核函数可以理解为将低维数据变换到高维数据，方便找到决策边界的这样一个数学过程
核函数的数学原理很复杂，这里不探究了，主要关注核函数在不同数据集上的选择

本文中使用到的第三方库

from sklearn.svm import SVC
from sklearn.datasets import make_blobs, make_moons, make_circles, make_classification
from sklearn.model_selection import cross_val_score # 交叉验证
import numpy as np
import matplotlib.pyplot as plt
import warnings

%matplotlib inline
warnings.filterwarnings("ignore")

不同核函数对比分析

创建原始数据

# 创建数据集
n_samples = 200
n_features = 2
datas = [
    make_blobs(n_samples=n_samples, n_features=n_features, centers=2, cluster_std=8, random_state=1),
    make_moons(n_samples=n_samples, noise=0.2, random_state=1),
    make_circles(n_samples=n_samples, factor=0.6, noise=0.2, random_state=1),
    make_classification(n_samples=n_samples, n_features=n_features, n_informative=2, n_redundant=0, random_state=2)
]
# datas的格式如下：[(X, y), (X, y)]

# 展示原始数据集
fig, axes = plt.subplots(1, 4)
fig.set_size_inches(20, 6)

for i in range(len(datas)) :
    X, y = datas[i]
    ax = axes[i]
    ax.set_xticks([])
    ax.set_yticks([])
    ax.scatter(X[:, 0], X[:, 1], c=y)

plt.tight_layout() # 让图片显示更加的紧密
plt.show()

不同核函数表现可视化

# 画出不同的核函数在不同分布的数据上的表现以及决策边界
# 需要一张5X4的画布，第一列是原始数据，后面依次是每个核函数在数据集上的表现
# 在图的最上方显示核函数类型，在每张图上显示对应核函数的得分
kernels = ['linear', 'poly', 'sigmoid', 'rbf']
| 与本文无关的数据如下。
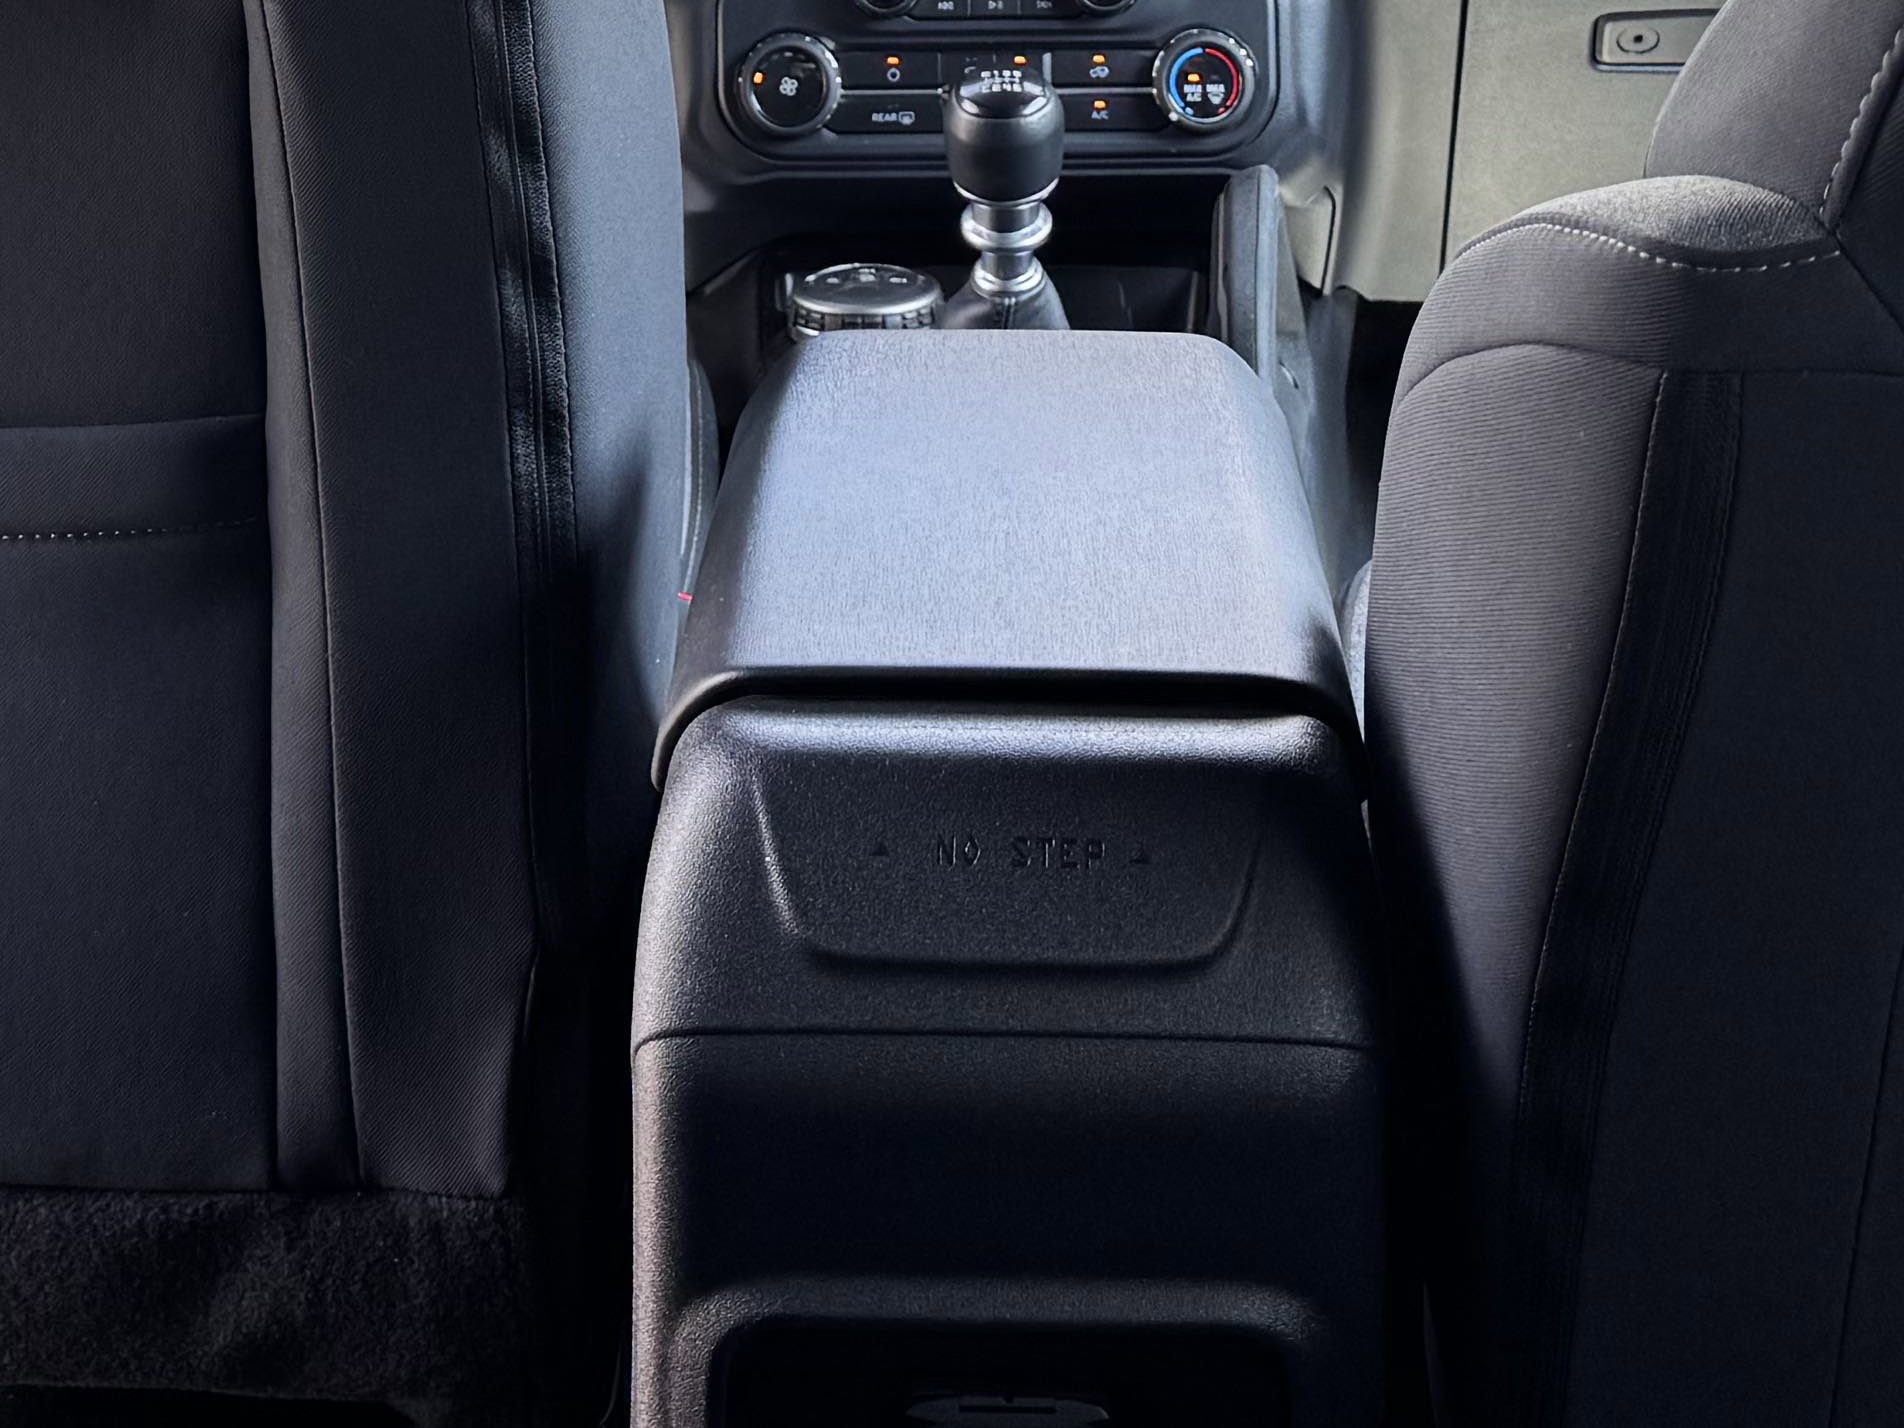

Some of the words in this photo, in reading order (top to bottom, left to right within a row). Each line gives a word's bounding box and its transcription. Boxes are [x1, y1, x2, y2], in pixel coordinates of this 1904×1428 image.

[871, 112, 897, 123] REAR
[1091, 109, 1109, 121] A/C
[937, 834, 981, 866] NO
[1011, 836, 1105, 868] STEP
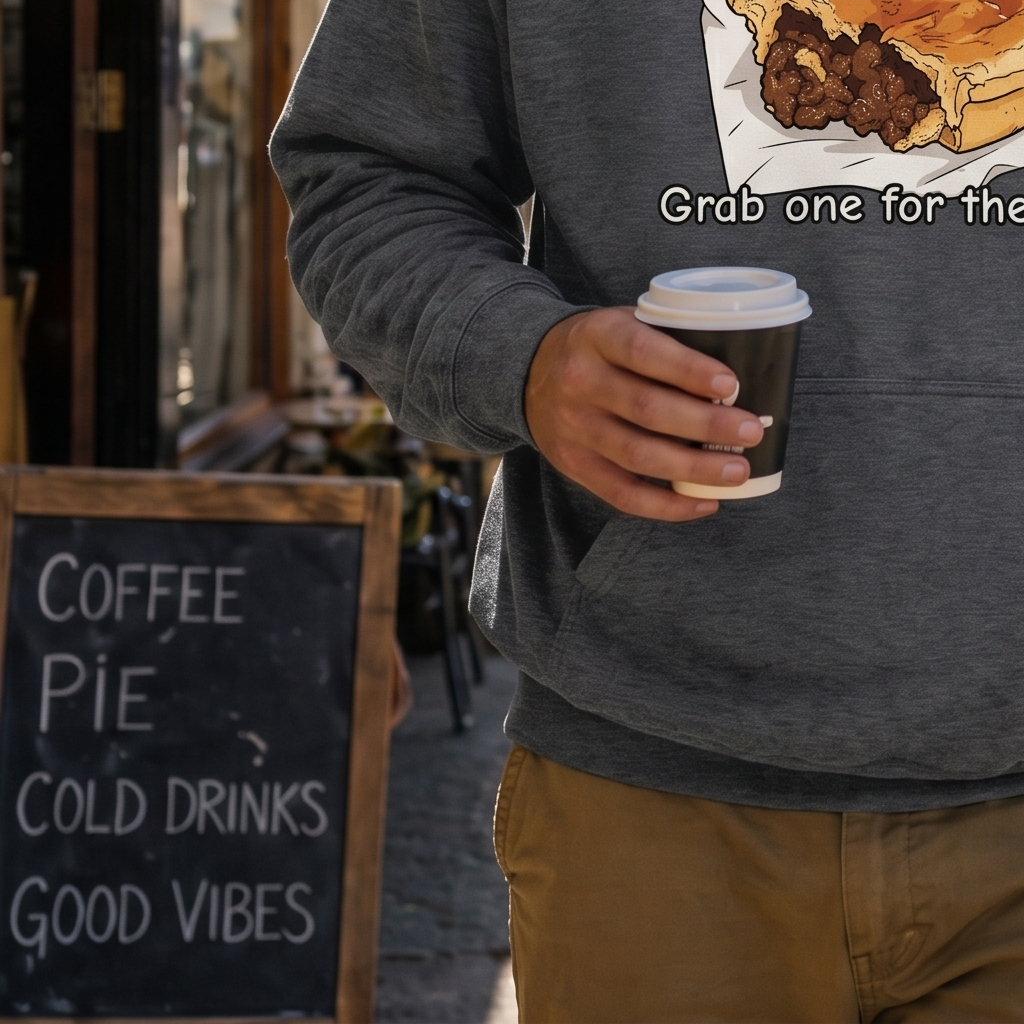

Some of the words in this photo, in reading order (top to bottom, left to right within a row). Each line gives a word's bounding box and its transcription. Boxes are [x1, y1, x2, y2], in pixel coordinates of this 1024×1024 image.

[660, 185, 765, 224] Grab
[784, 196, 864, 223] one
[881, 185, 946, 224] for
[37, 551, 246, 625] COFFEE
[15, 770, 148, 837] COLD
[164, 775, 330, 838] DRINKS
[9, 875, 152, 960] GOOD
[171, 878, 316, 945] VIBES
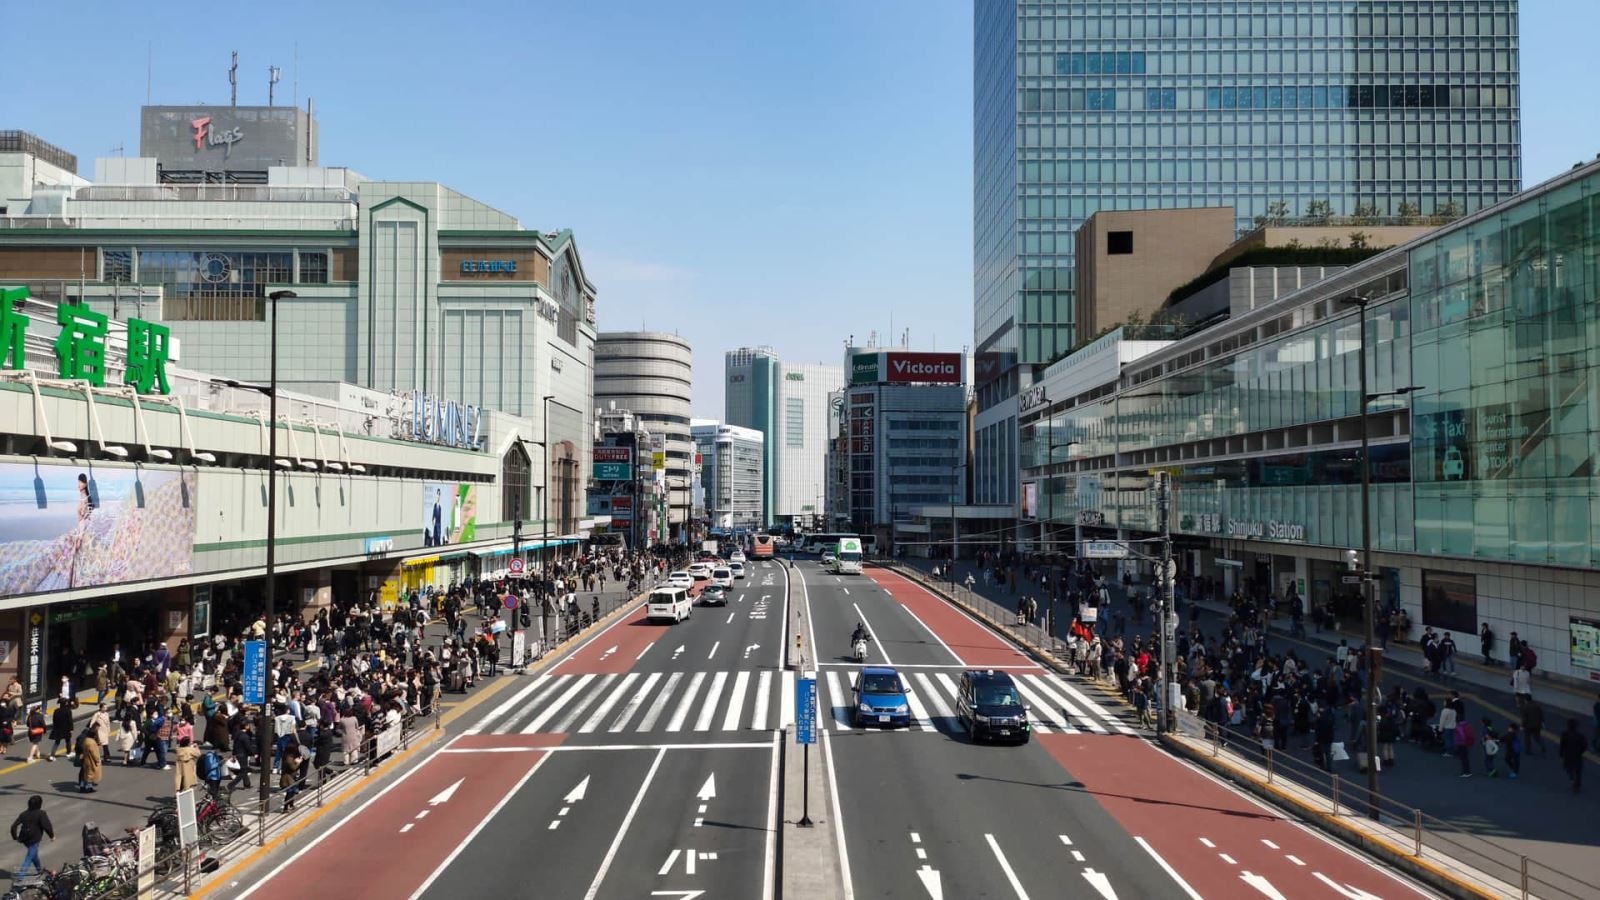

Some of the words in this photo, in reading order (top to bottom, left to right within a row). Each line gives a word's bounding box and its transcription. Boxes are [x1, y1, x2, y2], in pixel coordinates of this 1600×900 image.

[191, 116, 244, 157] Flags
[893, 360, 954, 374] Victoria
[863, 408, 873, 452] Victoria
[1442, 418, 1466, 437] Taxi
[1480, 425, 1529, 438] formation
[1481, 442, 1506, 452] enter
[602, 465, 619, 473] ニトリ
[1228, 518, 1263, 537] Shinjuku
[1269, 519, 1303, 540] Station
fig, charts = plt.subplots(4, 5) # charts.shape=(4, 5)
fig.set_size_inches(20, 16)

for row, line_plots in enumerate(charts) :
    # row: 每一个子图的行号
    # line_plots: 每一行对应的子图
    
    # 获得特征标签数据集
    X, y = datas[row]
    row_data_ax = charts[row][0]
    row_data_ax.scatter(X[:, 0], X[:, 1], c=y)
    
    # 不显示坐标轴数字
    row_data_ax.set_xticks([])
    row_data_ax.set_yticks([])
    
    if row == 0 :
        row_data_ax.set_title("row data")
    
    for col, ax in enumerate(line_plots[1:]) :
        # col：每一行每个子图对应的列索引
        # ax：每一行中的每个子图对象
        
        # 获得核函数
        kernel = kernels[col]
        
        # 在第一行显示核函数的名称
        if row == 0 :
            ax.set_title(kernel)
        
        # 不显示坐标轴数字
        ax.set_xticks([])
        ax.set_yticks([])
        
        # 实例化模型
        svc = SVC(kernel=kernel).fit(X, y)
        
        # 交叉验证取均值作为模型得分
        score = round(cross_val_score(svc, X, y, cv=5).mean(), 2)
        
        # 画决策边界
        xmin, xmax = X[:, 0].min() - 1, X[:, 0].max() + 1
        ymin, ymax = X[:, 1].min() - 1, X[:, 1].max() + 1
        
        # 取出大量的网格坐标点，作为特征矩阵
        xloc, yloc = np.meshgrid(np.linspace(xmin, xmax, 100),
                   np.linspace(ymin, ymax, 100))
        coo = np.vstack((xloc.ravel(), yloc.ravel())).T
                        
        # 计算每个特征点到决策边界的距离，作为等高线的高度
        dis = svc.decision_function(coo).reshape(xloc.shape)
        
        # 将等高线途中决策边界两边填充为不同的颜色
        ax.pcolormesh(xloc, yloc, dis>0, cmap=plt.cm.Paired)
        
        # 画等高线
        ax.contour(xloc, yloc, dis, levels=[-1, 0, 1])
        
        # 在图上显示模型得分, 相对于坐标轴在右下方显示，需要参数transform来定位
        ax.text(0.9, 0.1, str(score), horizontalalignment='right', size=40,
               transform=ax.transAxes)
        
        # 画原始数据散点图
        ax.scatter(X[:, 0], X[:, 1], c=y)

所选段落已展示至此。